**EXERCISE DESCRIPTION**
Your task is to return all of the records exactly, minus any images.

**DATASET RECORDS**

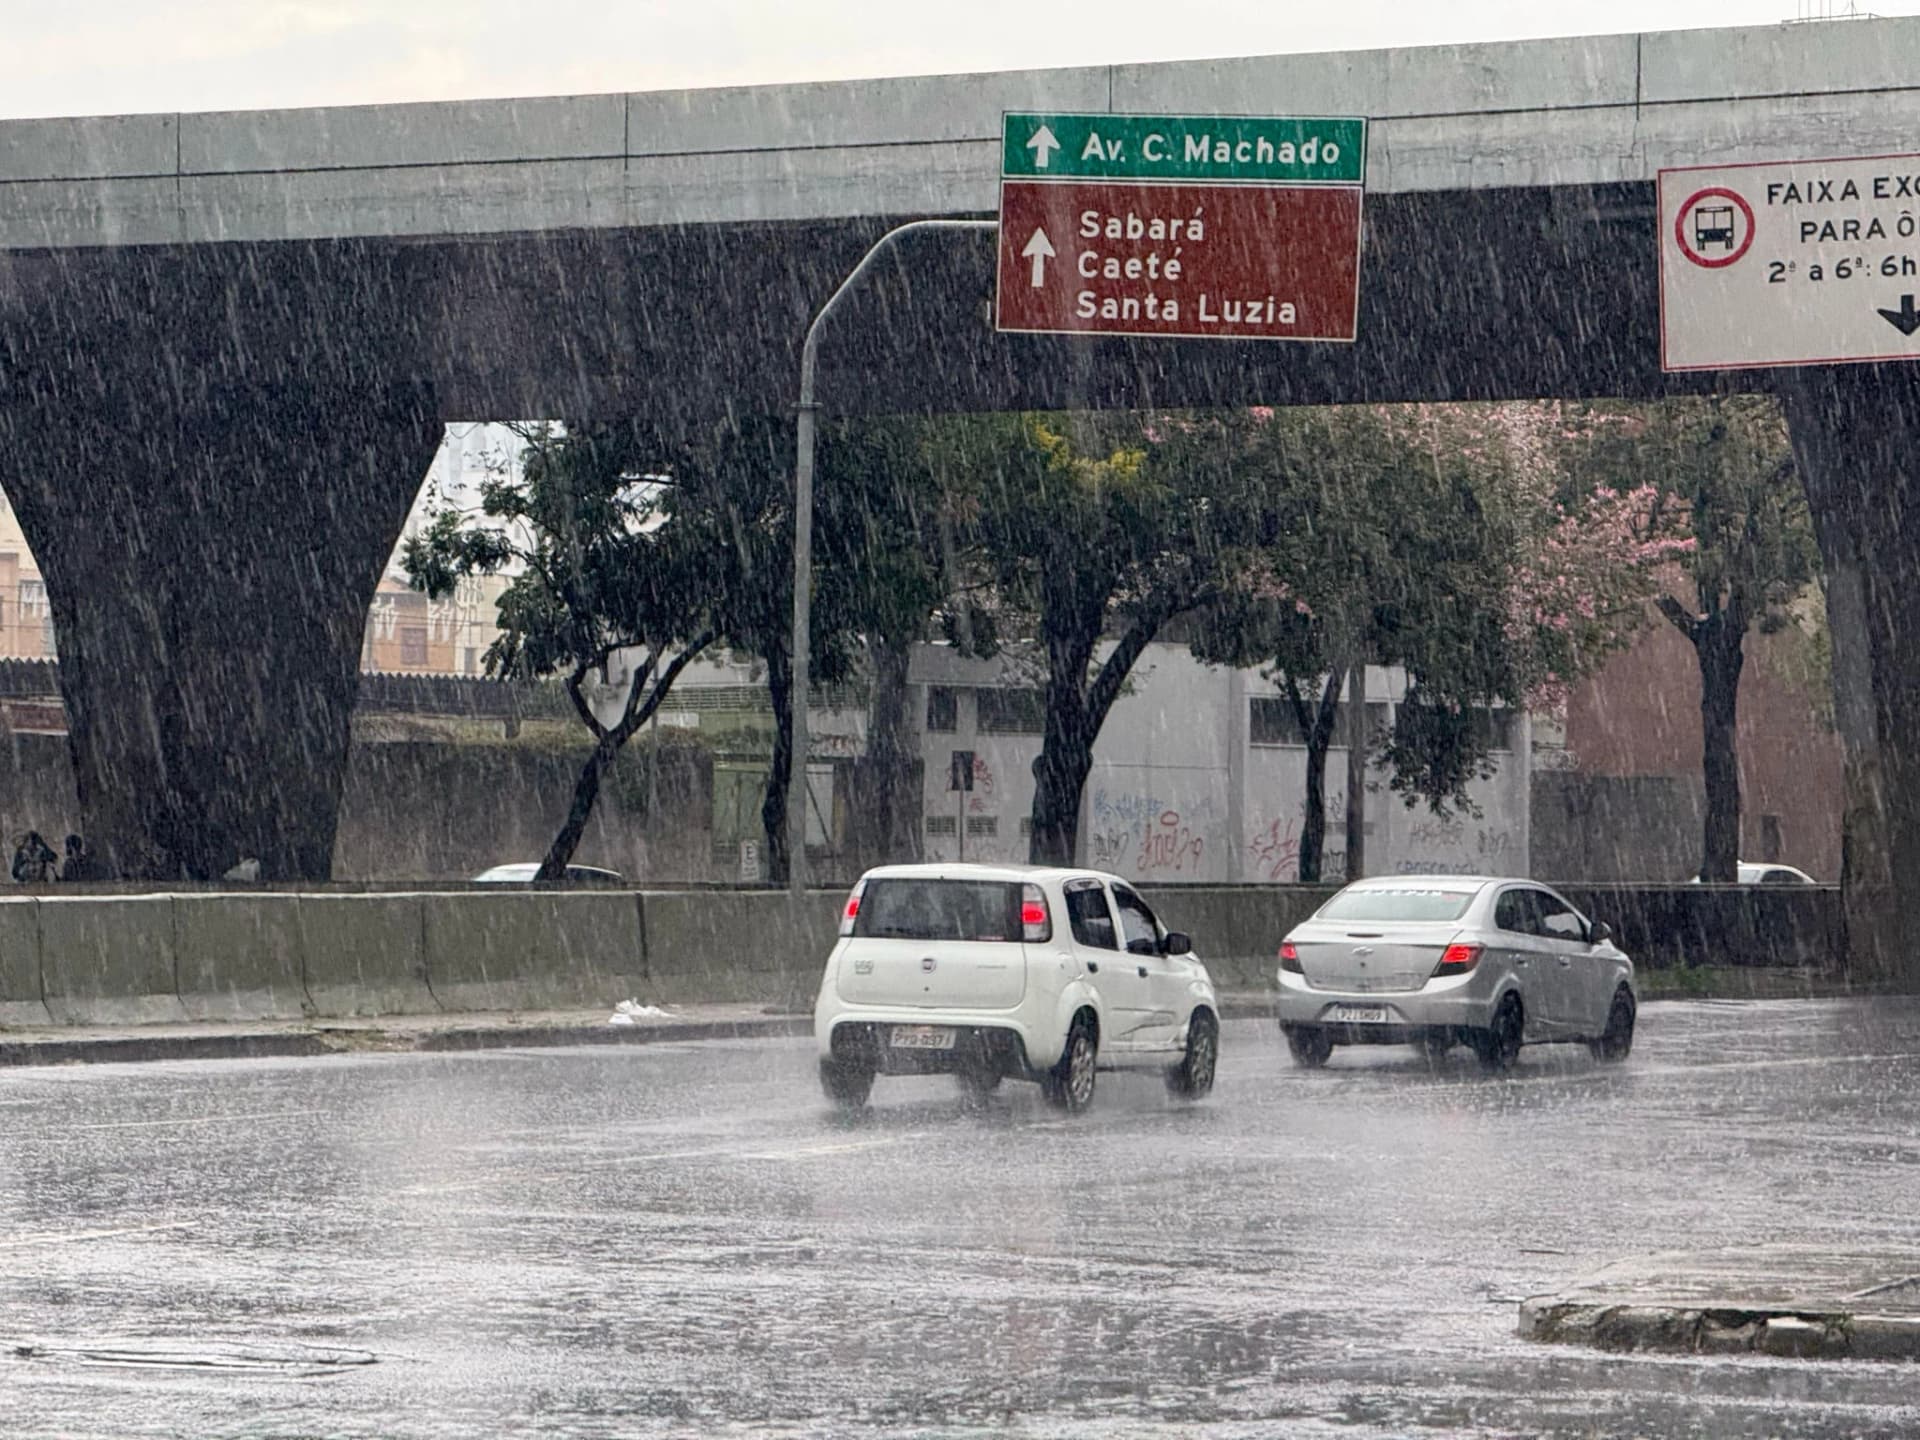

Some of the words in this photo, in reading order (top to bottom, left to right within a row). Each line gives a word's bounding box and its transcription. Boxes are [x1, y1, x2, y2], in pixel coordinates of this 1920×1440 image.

[1081, 132, 1126, 162] Av.
[1142, 134, 1172, 161] C.
[1184, 135, 1340, 164] Machado
[1767, 180, 1860, 205] FAIXA
[1873, 175, 1920, 199] EX
[1079, 207, 1205, 241] Sabará
[1800, 217, 1887, 243] PARA
[1896, 210, 1920, 238] Ô
[1077, 247, 1182, 281] Caeté
[1809, 264, 1823, 281] a
[1880, 255, 1917, 277] 6h
[1076, 291, 1180, 322] Santa
[1198, 293, 1297, 324] Luzia

**TASK SOLUTION**
Some of the words in this photo, in reading order (top to bottom, left to right within a row). Each line gives a word's bounding box and its transcription. Boxes are [x1, y1, x2, y2], in pixel coordinates of this 1920×1440 image.

[1081, 132, 1126, 162] Av.
[1142, 134, 1172, 161] C.
[1184, 135, 1340, 164] Machado
[1767, 180, 1860, 205] FAIXA
[1873, 175, 1920, 199] EX
[1079, 207, 1205, 241] Sabará
[1800, 217, 1887, 243] PARA
[1896, 210, 1920, 238] Ô
[1077, 247, 1182, 281] Caeté
[1809, 264, 1823, 281] a
[1880, 255, 1917, 277] 6h
[1076, 291, 1180, 322] Santa
[1198, 293, 1297, 324] Luzia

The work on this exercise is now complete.